### Given records

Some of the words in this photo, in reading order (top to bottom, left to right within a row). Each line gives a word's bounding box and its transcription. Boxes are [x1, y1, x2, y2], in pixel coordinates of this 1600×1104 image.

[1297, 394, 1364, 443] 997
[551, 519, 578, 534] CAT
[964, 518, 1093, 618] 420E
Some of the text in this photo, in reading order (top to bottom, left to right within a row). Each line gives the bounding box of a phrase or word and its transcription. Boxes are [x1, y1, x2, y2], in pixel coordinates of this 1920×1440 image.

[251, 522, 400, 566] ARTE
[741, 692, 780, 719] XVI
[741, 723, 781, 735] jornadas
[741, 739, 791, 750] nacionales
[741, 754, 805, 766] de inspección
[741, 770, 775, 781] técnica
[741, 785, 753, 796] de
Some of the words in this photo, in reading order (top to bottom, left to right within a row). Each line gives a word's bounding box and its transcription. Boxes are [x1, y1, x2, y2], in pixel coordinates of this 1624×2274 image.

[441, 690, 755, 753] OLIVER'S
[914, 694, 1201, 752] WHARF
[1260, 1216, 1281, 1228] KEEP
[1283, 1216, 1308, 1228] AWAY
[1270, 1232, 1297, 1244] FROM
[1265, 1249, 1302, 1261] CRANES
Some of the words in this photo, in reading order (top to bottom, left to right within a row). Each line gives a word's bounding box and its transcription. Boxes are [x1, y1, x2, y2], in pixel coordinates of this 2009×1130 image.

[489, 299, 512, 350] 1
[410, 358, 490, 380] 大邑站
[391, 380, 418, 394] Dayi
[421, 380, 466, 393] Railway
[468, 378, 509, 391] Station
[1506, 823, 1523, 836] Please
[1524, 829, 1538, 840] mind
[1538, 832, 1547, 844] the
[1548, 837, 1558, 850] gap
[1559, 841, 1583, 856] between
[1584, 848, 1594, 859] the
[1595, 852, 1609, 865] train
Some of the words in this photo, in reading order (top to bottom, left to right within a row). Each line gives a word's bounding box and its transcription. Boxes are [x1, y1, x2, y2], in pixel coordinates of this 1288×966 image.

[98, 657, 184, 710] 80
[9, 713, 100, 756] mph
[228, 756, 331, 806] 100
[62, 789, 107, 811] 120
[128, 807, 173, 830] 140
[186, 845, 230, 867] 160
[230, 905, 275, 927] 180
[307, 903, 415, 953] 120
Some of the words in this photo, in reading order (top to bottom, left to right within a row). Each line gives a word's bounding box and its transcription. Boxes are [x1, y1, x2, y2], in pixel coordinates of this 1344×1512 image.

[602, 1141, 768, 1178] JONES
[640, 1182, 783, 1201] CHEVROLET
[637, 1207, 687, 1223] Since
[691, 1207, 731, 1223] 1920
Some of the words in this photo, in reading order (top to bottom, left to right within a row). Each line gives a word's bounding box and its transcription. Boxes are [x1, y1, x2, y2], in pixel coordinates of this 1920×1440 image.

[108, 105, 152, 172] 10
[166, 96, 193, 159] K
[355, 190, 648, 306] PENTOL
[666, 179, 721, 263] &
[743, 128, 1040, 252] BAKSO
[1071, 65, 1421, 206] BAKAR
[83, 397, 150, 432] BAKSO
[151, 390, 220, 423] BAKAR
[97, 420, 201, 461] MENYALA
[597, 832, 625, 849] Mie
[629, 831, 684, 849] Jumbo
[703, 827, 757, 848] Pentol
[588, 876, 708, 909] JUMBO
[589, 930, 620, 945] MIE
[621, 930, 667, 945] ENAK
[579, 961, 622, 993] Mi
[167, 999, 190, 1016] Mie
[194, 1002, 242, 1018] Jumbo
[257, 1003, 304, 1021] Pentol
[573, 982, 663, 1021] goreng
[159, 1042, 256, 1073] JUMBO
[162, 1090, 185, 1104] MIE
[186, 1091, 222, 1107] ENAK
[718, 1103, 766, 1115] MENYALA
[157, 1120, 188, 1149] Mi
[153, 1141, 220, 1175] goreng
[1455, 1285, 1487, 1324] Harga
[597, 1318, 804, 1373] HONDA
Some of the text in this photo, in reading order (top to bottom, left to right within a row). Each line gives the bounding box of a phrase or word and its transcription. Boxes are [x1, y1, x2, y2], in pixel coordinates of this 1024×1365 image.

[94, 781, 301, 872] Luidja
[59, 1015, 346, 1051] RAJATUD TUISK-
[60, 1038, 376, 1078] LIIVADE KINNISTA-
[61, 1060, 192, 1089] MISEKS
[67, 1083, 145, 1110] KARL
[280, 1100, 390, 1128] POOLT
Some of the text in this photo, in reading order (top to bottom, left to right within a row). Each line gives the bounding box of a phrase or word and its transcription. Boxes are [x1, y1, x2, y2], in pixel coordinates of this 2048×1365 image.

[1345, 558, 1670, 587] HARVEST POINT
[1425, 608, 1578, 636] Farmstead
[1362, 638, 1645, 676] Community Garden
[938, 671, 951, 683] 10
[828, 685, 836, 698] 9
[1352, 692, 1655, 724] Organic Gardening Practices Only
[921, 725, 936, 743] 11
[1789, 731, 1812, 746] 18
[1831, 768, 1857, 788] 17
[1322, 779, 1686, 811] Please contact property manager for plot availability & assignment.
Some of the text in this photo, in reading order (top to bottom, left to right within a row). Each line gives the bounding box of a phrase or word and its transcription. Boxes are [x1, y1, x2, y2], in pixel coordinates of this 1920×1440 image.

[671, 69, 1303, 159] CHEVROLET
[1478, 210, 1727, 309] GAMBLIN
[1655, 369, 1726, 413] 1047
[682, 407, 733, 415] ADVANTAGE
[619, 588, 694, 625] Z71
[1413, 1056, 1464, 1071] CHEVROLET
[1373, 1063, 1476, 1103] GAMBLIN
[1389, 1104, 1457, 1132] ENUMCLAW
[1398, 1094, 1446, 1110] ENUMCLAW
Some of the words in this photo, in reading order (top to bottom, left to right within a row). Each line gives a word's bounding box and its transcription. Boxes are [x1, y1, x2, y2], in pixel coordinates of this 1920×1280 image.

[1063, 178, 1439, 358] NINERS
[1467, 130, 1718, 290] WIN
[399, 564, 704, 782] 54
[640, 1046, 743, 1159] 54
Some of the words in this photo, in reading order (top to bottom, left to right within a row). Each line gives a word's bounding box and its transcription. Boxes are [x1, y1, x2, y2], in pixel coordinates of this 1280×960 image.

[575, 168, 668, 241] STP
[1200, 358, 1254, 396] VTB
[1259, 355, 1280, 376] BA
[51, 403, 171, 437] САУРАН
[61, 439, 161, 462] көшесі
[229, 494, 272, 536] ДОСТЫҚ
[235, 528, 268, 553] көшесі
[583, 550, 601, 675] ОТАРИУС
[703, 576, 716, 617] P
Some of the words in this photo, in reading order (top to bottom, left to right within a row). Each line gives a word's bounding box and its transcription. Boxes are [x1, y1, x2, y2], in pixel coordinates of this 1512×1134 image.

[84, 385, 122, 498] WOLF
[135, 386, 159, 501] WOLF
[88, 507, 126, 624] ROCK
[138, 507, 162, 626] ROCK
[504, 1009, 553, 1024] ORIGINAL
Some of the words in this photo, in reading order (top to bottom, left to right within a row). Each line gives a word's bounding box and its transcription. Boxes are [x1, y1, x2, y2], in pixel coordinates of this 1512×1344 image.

######

Please output the material above exactly as it reads.

Problem solution
Some of the words in this photo, in reading order (top to bottom, left to right within a row). Each line gives a word's bounding box and its transcription. Boxes are [x1, y1, x2, y2], in pixel coordinates of this 1600×1104 image.

[1297, 394, 1364, 443] 997
[551, 519, 578, 534] CAT
[964, 518, 1093, 618] 420E
Some of the text in this photo, in reading order (top to bottom, left to right within a row). Each line gives the bounding box of a phrase or word and its transcription. Boxes are [x1, y1, x2, y2], in pixel coordinates of this 1920×1440 image.

[251, 522, 400, 566] ARTE
[741, 692, 780, 719] XVI
[741, 723, 781, 735] jornadas
[741, 739, 791, 750] nacionales
[741, 754, 805, 766] de inspección
[741, 770, 775, 781] técnica
[741, 785, 753, 796] de
Some of the words in this photo, in reading order (top to bottom, left to right within a row). Each line gives a word's bounding box and its transcription. Boxes are [x1, y1, x2, y2], in pixel coordinates of this 1624×2274 image.

[441, 690, 755, 753] OLIVER'S
[914, 694, 1201, 752] WHARF
[1260, 1216, 1281, 1228] KEEP
[1283, 1216, 1308, 1228] AWAY
[1270, 1232, 1297, 1244] FROM
[1265, 1249, 1302, 1261] CRANES
Some of the words in this photo, in reading order (top to bottom, left to right within a row). Each line gives a word's bounding box and its transcription. Boxes are [x1, y1, x2, y2], in pixel coordinates of this 2009×1130 image.

[489, 299, 512, 350] 1
[410, 358, 490, 380] 大邑站
[391, 380, 418, 394] Dayi
[421, 380, 466, 393] Railway
[468, 378, 509, 391] Station
[1506, 823, 1523, 836] Please
[1524, 829, 1538, 840] mind
[1538, 832, 1547, 844] the
[1548, 837, 1558, 850] gap
[1559, 841, 1583, 856] between
[1584, 848, 1594, 859] the
[1595, 852, 1609, 865] train
Some of the words in this photo, in reading order (top to bottom, left to right within a row). Each line gives a word's bounding box and its transcription. Boxes are [x1, y1, x2, y2], in pixel coordinates of this 1288×966 image.

[98, 657, 184, 710] 80
[9, 713, 100, 756] mph
[228, 756, 331, 806] 100
[62, 789, 107, 811] 120
[128, 807, 173, 830] 140
[186, 845, 230, 867] 160
[230, 905, 275, 927] 180
[307, 903, 415, 953] 120
Some of the words in this photo, in reading order (top to bottom, left to right within a row). Each line gives a word's bounding box and its transcription. Boxes are [x1, y1, x2, y2], in pixel coordinates of this 1344×1512 image.

[602, 1141, 768, 1178] JONES
[640, 1182, 783, 1201] CHEVROLET
[637, 1207, 687, 1223] Since
[691, 1207, 731, 1223] 1920
Some of the words in this photo, in reading order (top to bottom, left to right within a row). Each line gives a word's bounding box and its transcription. Boxes are [x1, y1, x2, y2], in pixel coordinates of this 1920×1440 image.

[108, 105, 152, 172] 10
[166, 96, 193, 159] K
[355, 190, 648, 306] PENTOL
[666, 179, 721, 263] &
[743, 128, 1040, 252] BAKSO
[1071, 65, 1421, 206] BAKAR
[83, 397, 150, 432] BAKSO
[151, 390, 220, 423] BAKAR
[97, 420, 201, 461] MENYALA
[597, 832, 625, 849] Mie
[629, 831, 684, 849] Jumbo
[703, 827, 757, 848] Pentol
[588, 876, 708, 909] JUMBO
[589, 930, 620, 945] MIE
[621, 930, 667, 945] ENAK
[579, 961, 622, 993] Mi
[167, 999, 190, 1016] Mie
[194, 1002, 242, 1018] Jumbo
[257, 1003, 304, 1021] Pentol
[573, 982, 663, 1021] goreng
[159, 1042, 256, 1073] JUMBO
[162, 1090, 185, 1104] MIE
[186, 1091, 222, 1107] ENAK
[718, 1103, 766, 1115] MENYALA
[157, 1120, 188, 1149] Mi
[153, 1141, 220, 1175] goreng
[1455, 1285, 1487, 1324] Harga
[597, 1318, 804, 1373] HONDA
Some of the text in this photo, in reading order (top to bottom, left to right within a row). Each line gives the bounding box of a phrase or word and its transcription. Boxes are [x1, y1, x2, y2], in pixel coordinates of this 1024×1365 image.

[94, 781, 301, 872] Luidja
[59, 1015, 346, 1051] RAJATUD TUISK-
[60, 1038, 376, 1078] LIIVADE KINNISTA-
[61, 1060, 192, 1089] MISEKS
[67, 1083, 145, 1110] KARL
[280, 1100, 390, 1128] POOLT
Some of the text in this photo, in reading order (top to bottom, left to right within a row). Each line gives the bounding box of a phrase or word and its transcription. Boxes are [x1, y1, x2, y2], in pixel coordinates of this 2048×1365 image.

[1345, 558, 1670, 587] HARVEST POINT
[1425, 608, 1578, 636] Farmstead
[1362, 638, 1645, 676] Community Garden
[938, 671, 951, 683] 10
[828, 685, 836, 698] 9
[1352, 692, 1655, 724] Organic Gardening Practices Only
[921, 725, 936, 743] 11
[1789, 731, 1812, 746] 18
[1831, 768, 1857, 788] 17
[1322, 779, 1686, 811] Please contact property manager for plot availability & assignment.
Some of the text in this photo, in reading order (top to bottom, left to right within a row). Each line gives the bounding box of a phrase or word and its transcription. Boxes are [x1, y1, x2, y2], in pixel coordinates of this 1920×1440 image.

[671, 69, 1303, 159] CHEVROLET
[1478, 210, 1727, 309] GAMBLIN
[1655, 369, 1726, 413] 1047
[682, 407, 733, 415] ADVANTAGE
[619, 588, 694, 625] Z71
[1413, 1056, 1464, 1071] CHEVROLET
[1373, 1063, 1476, 1103] GAMBLIN
[1389, 1104, 1457, 1132] ENUMCLAW
[1398, 1094, 1446, 1110] ENUMCLAW
Some of the words in this photo, in reading order (top to bottom, left to right within a row). Each line gives a word's bounding box and its transcription. Boxes are [x1, y1, x2, y2], in pixel coordinates of this 1920×1280 image.

[1063, 178, 1439, 358] NINERS
[1467, 130, 1718, 290] WIN
[399, 564, 704, 782] 54
[640, 1046, 743, 1159] 54
Some of the words in this photo, in reading order (top to bottom, left to right within a row). Each line gives a word's bounding box and its transcription. Boxes are [x1, y1, x2, y2], in pixel coordinates of this 1280×960 image.

[575, 168, 668, 241] STP
[1200, 358, 1254, 396] VTB
[1259, 355, 1280, 376] BA
[51, 403, 171, 437] САУРАН
[61, 439, 161, 462] көшесі
[229, 494, 272, 536] ДОСТЫҚ
[235, 528, 268, 553] көшесі
[583, 550, 601, 675] ОТАРИУС
[703, 576, 716, 617] P
Some of the words in this photo, in reading order (top to bottom, left to right within a row). Each line gives a word's bounding box and its transcription. Boxes are [x1, y1, x2, y2], in pixel coordinates of this 1512×1134 image.

[84, 385, 122, 498] WOLF
[135, 386, 159, 501] WOLF
[88, 507, 126, 624] ROCK
[138, 507, 162, 626] ROCK
[504, 1009, 553, 1024] ORIGINAL
Some of the words in this photo, in reading order (top to bottom, left to right within a row). Each line gives a word's bounding box and its transcription. Boxes are [x1, y1, x2, y2], in pixel coordinates of this 1512×1344 image.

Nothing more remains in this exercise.